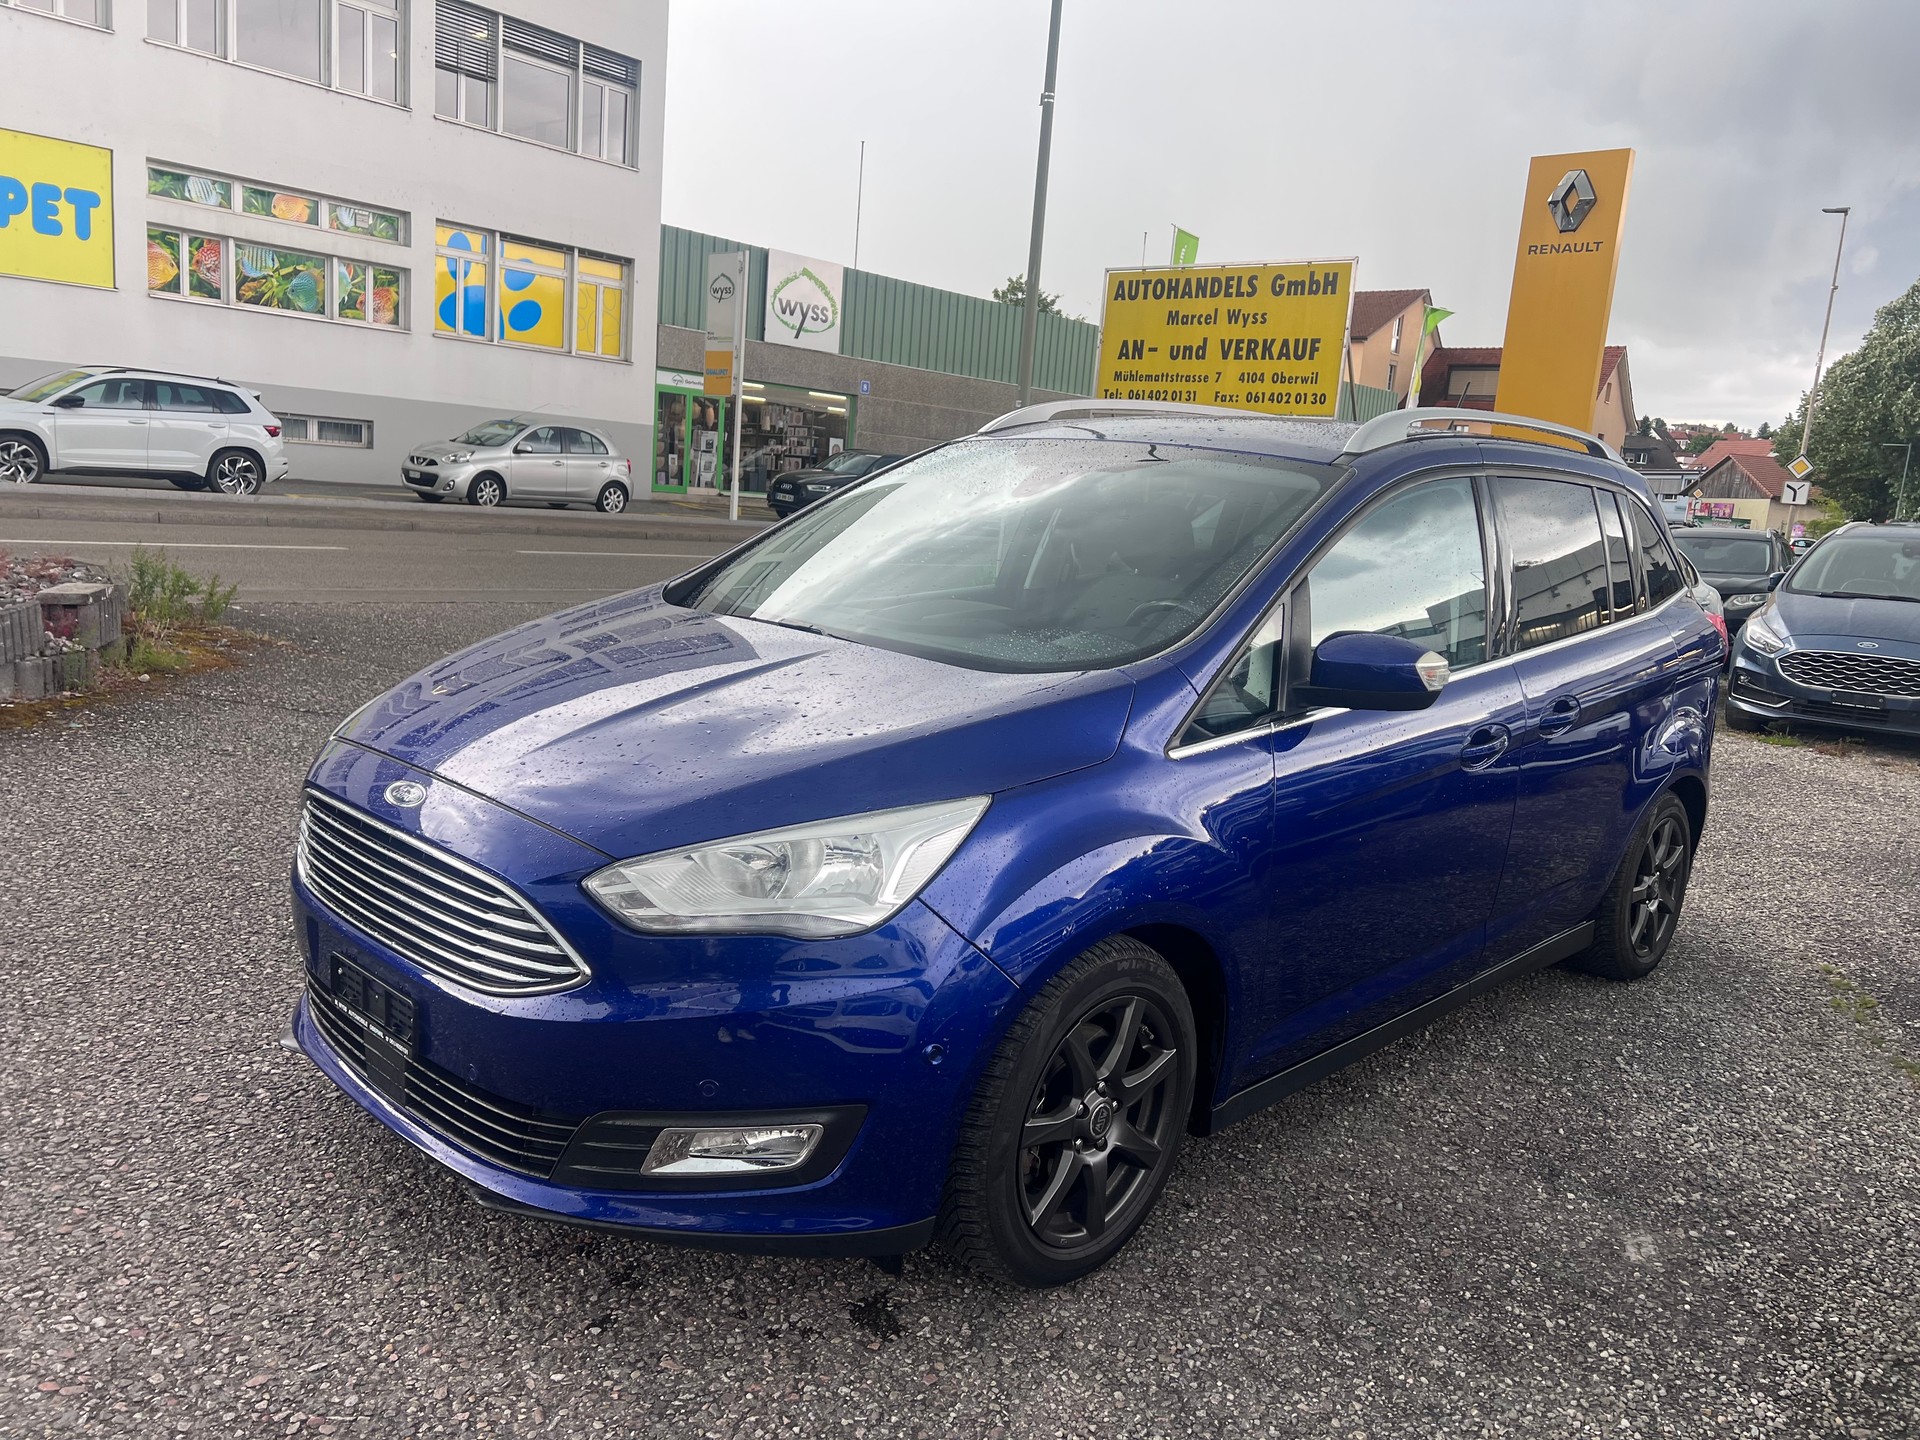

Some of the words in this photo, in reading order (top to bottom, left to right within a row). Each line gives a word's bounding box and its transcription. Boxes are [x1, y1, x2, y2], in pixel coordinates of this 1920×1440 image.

[1527, 241, 1603, 255] RENAULT
[712, 286, 732, 303] wyss
[1113, 274, 1259, 301] AUTOHANDELS
[1270, 270, 1339, 297] GmbH
[778, 297, 829, 339] wyss
[1166, 308, 1218, 326] Marcel
[1227, 309, 1268, 328] Wyss
[1169, 337, 1208, 361] und
[1220, 338, 1322, 361] VERKAUF
[1113, 370, 1210, 383] Mühlemattstrasse
[1215, 371, 1222, 383] 7
[1238, 372, 1265, 384] 4104
[1271, 371, 1319, 385] Oberwil
[1103, 388, 1123, 400] Tel:
[1214, 391, 1239, 403] Fax:
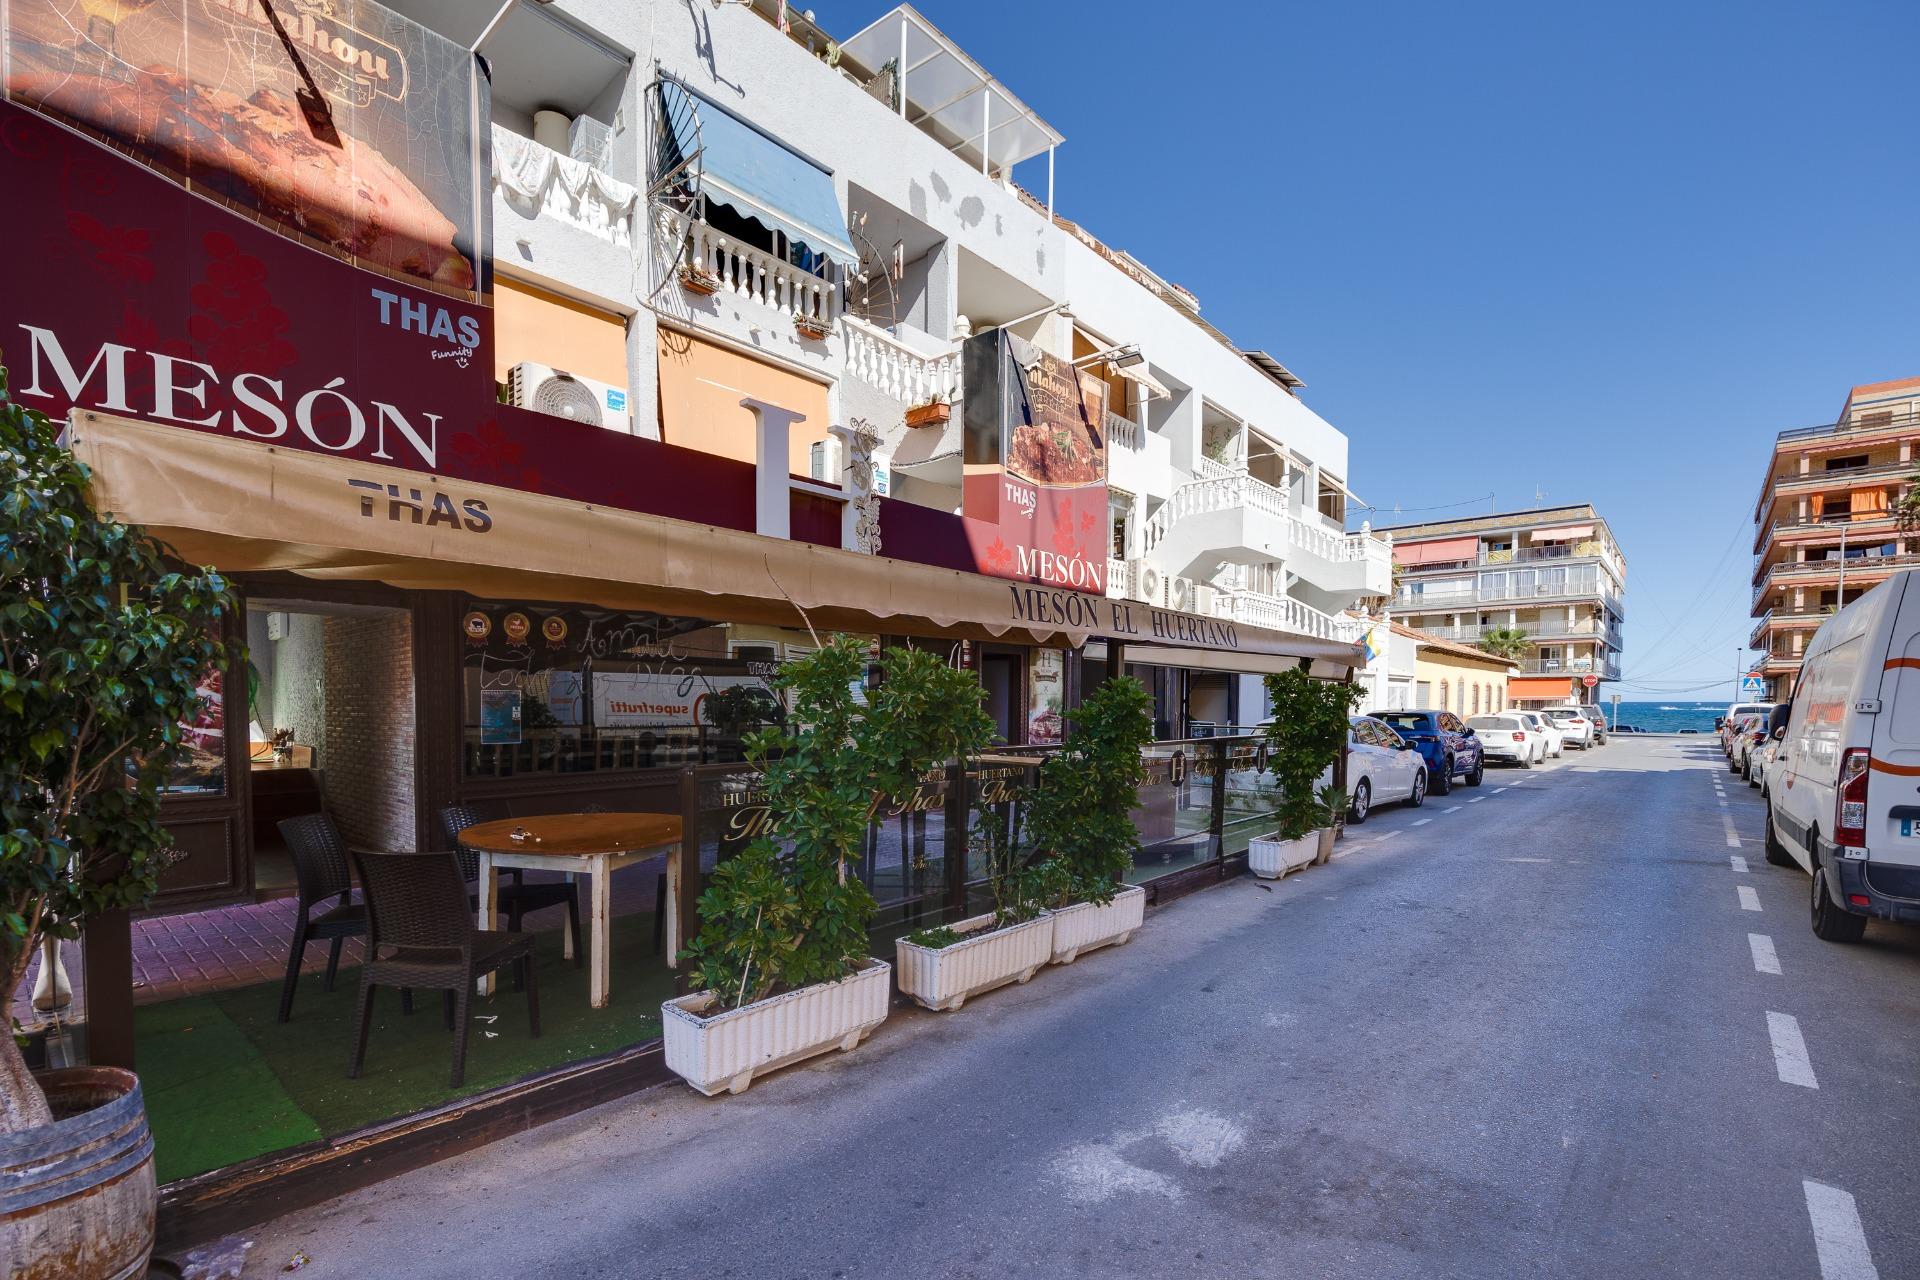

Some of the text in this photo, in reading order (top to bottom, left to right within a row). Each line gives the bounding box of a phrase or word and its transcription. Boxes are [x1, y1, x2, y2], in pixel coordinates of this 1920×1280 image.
- - - - -
▶ **Task item**
Could the material above be written out again word for word, with the pictures dropped?

▶ **Written response**
Some of the words in this photo, in reading order (top to bottom, left to right within a row). Each line gives a word's bounding box and its transcription. Boxes are [x1, y1, x2, y2], in pixel coordinates of this 1920×1440 image.

[1527, 241, 1603, 255] RENAULT
[712, 286, 732, 303] wyss
[1113, 274, 1259, 301] AUTOHANDELS
[1270, 270, 1339, 297] GmbH
[778, 297, 829, 339] wyss
[1166, 308, 1218, 326] Marcel
[1227, 309, 1268, 328] Wyss
[1169, 337, 1208, 361] und
[1220, 338, 1322, 361] VERKAUF
[1113, 370, 1210, 383] Mühlemattstrasse
[1215, 371, 1222, 383] 7
[1238, 372, 1265, 384] 4104
[1271, 371, 1319, 385] Oberwil
[1103, 388, 1123, 400] Tel:
[1214, 391, 1239, 403] Fax:

Some of the text in this photo, in reading order (top to bottom, left to right within a row). Each line gives the bounding box of a phrase or word and its transcription. Boxes are [x1, y1, x2, y2], in pixel coordinates of this 1920×1280 image.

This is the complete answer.